# Work instruction
Please transcribe the entries that follow exactly as they stand, skipping each picture.

# Given records
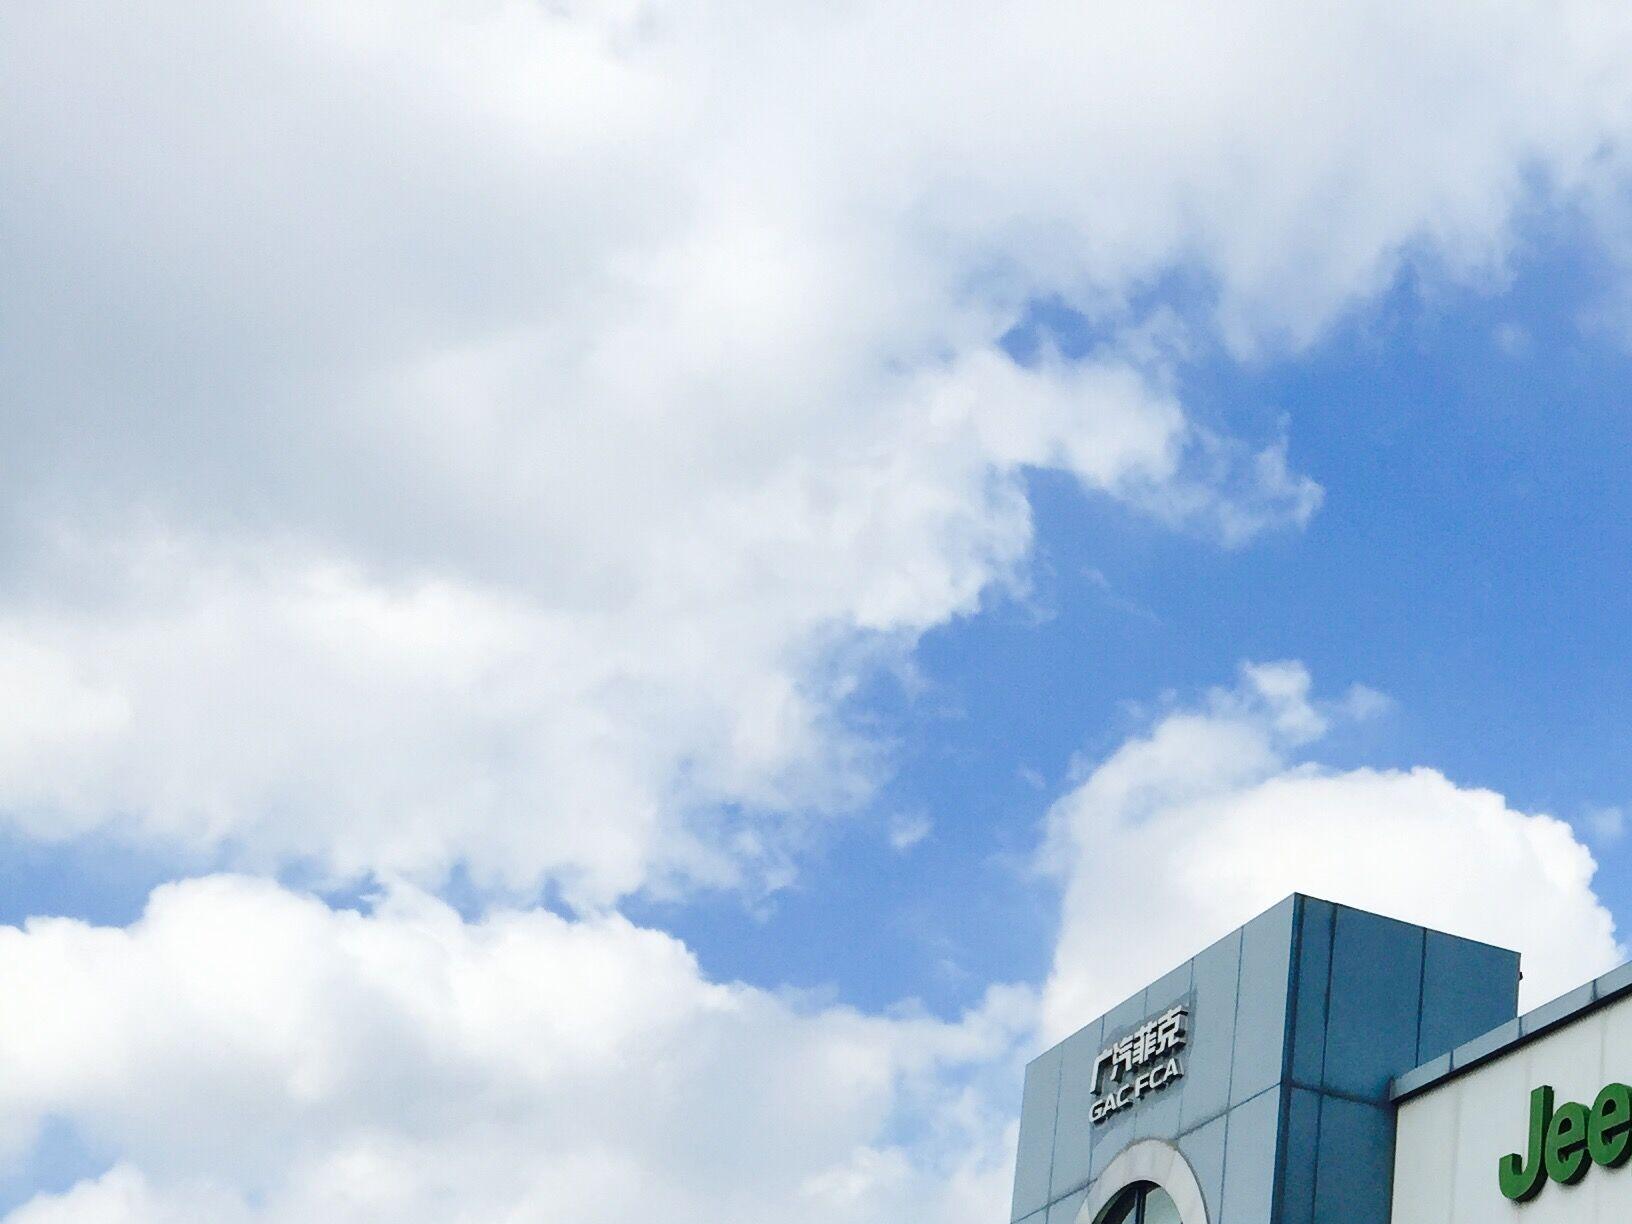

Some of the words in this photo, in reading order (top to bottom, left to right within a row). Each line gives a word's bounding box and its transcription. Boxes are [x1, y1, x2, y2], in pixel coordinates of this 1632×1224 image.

[1090, 1005, 1186, 1093] 广汽菲克
[1089, 1083, 1132, 1123] GAC
[1135, 1058, 1183, 1099] FCA
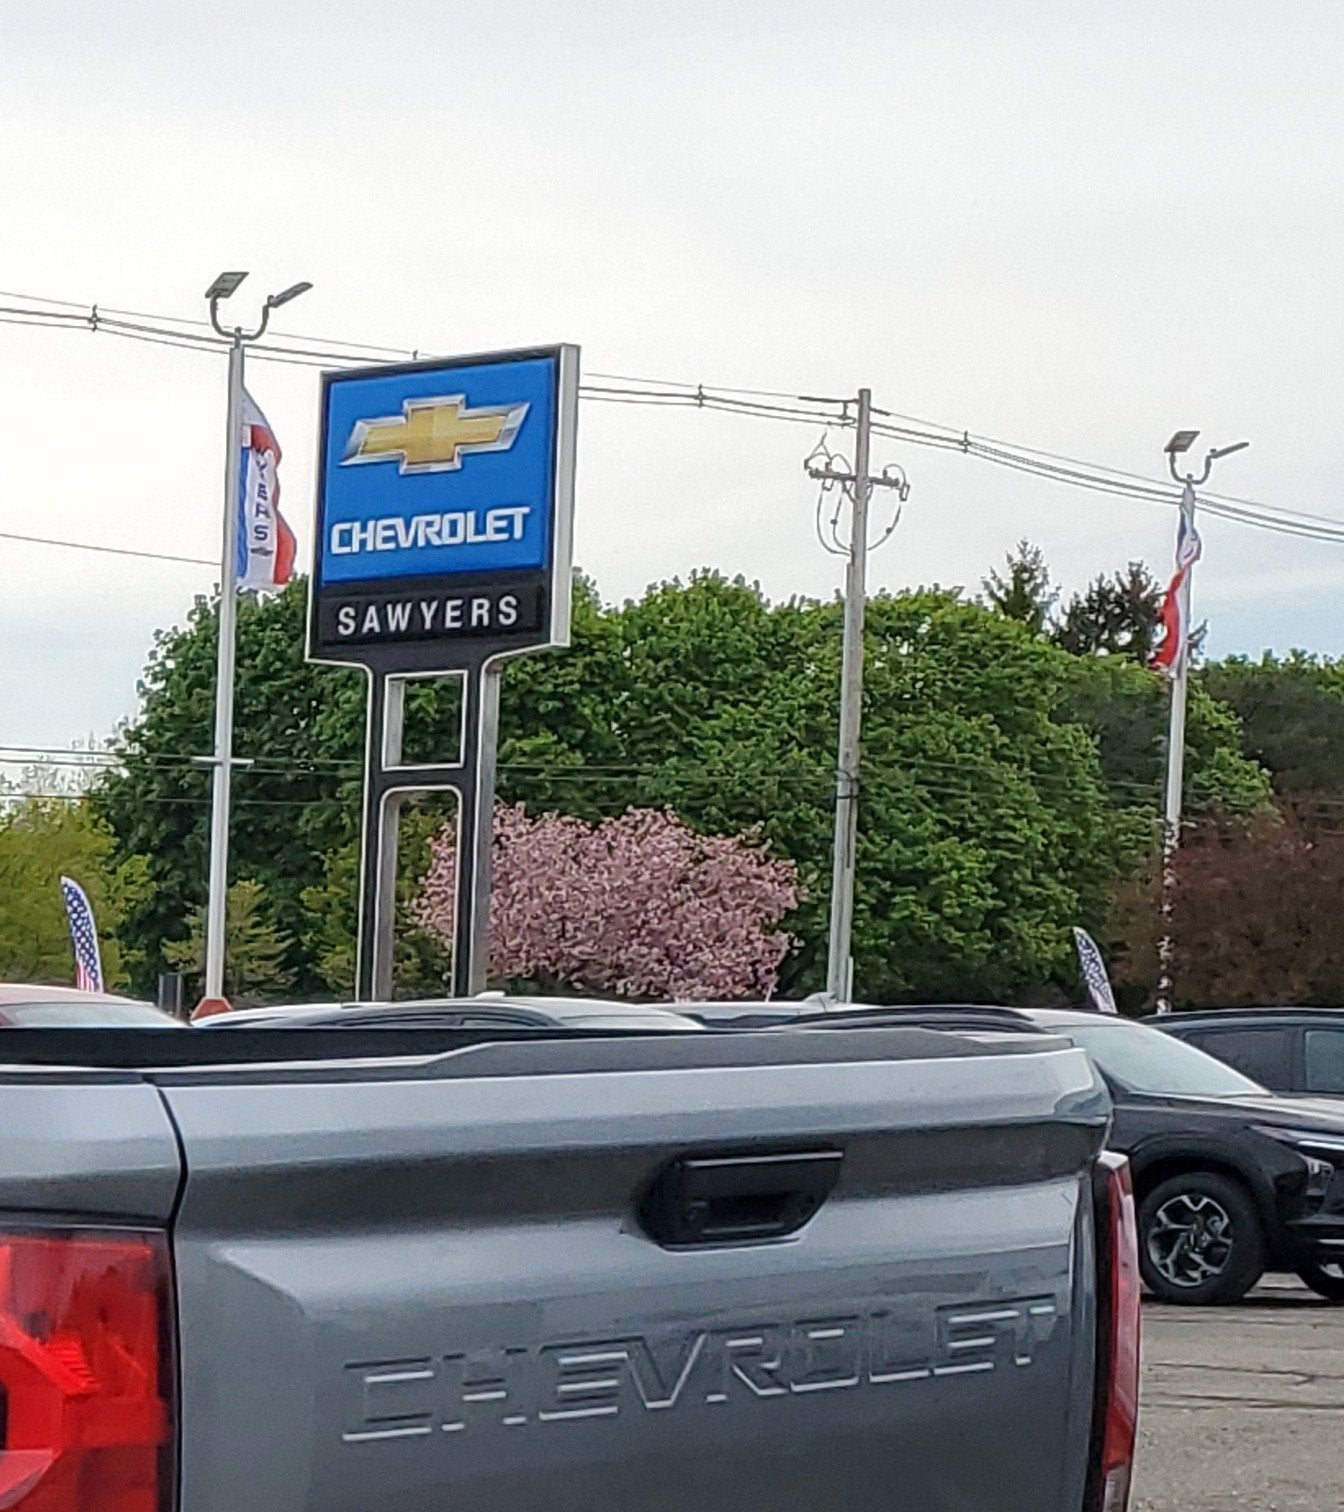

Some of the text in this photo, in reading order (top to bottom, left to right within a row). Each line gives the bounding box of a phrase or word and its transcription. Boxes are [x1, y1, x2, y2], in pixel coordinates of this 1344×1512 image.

# Task output
Some of the words in this photo, in reading order (top to bottom, left to right within a row). Each line gives a word's bounding box and its transcription. Boxes are [x1, y1, x2, y2], in pixel coordinates of this 1632×1224 image.

[1090, 1005, 1186, 1093] 广汽菲克
[1089, 1083, 1132, 1123] GAC
[1135, 1058, 1183, 1099] FCA

Some of the text in this photo, in reading order (top to bottom, left to right within a row). Each line gives the bounding box of a phrase or word and its transcription. Boxes are [x1, y1, x2, y2], in pixel coordinates of this 1344×1512 image.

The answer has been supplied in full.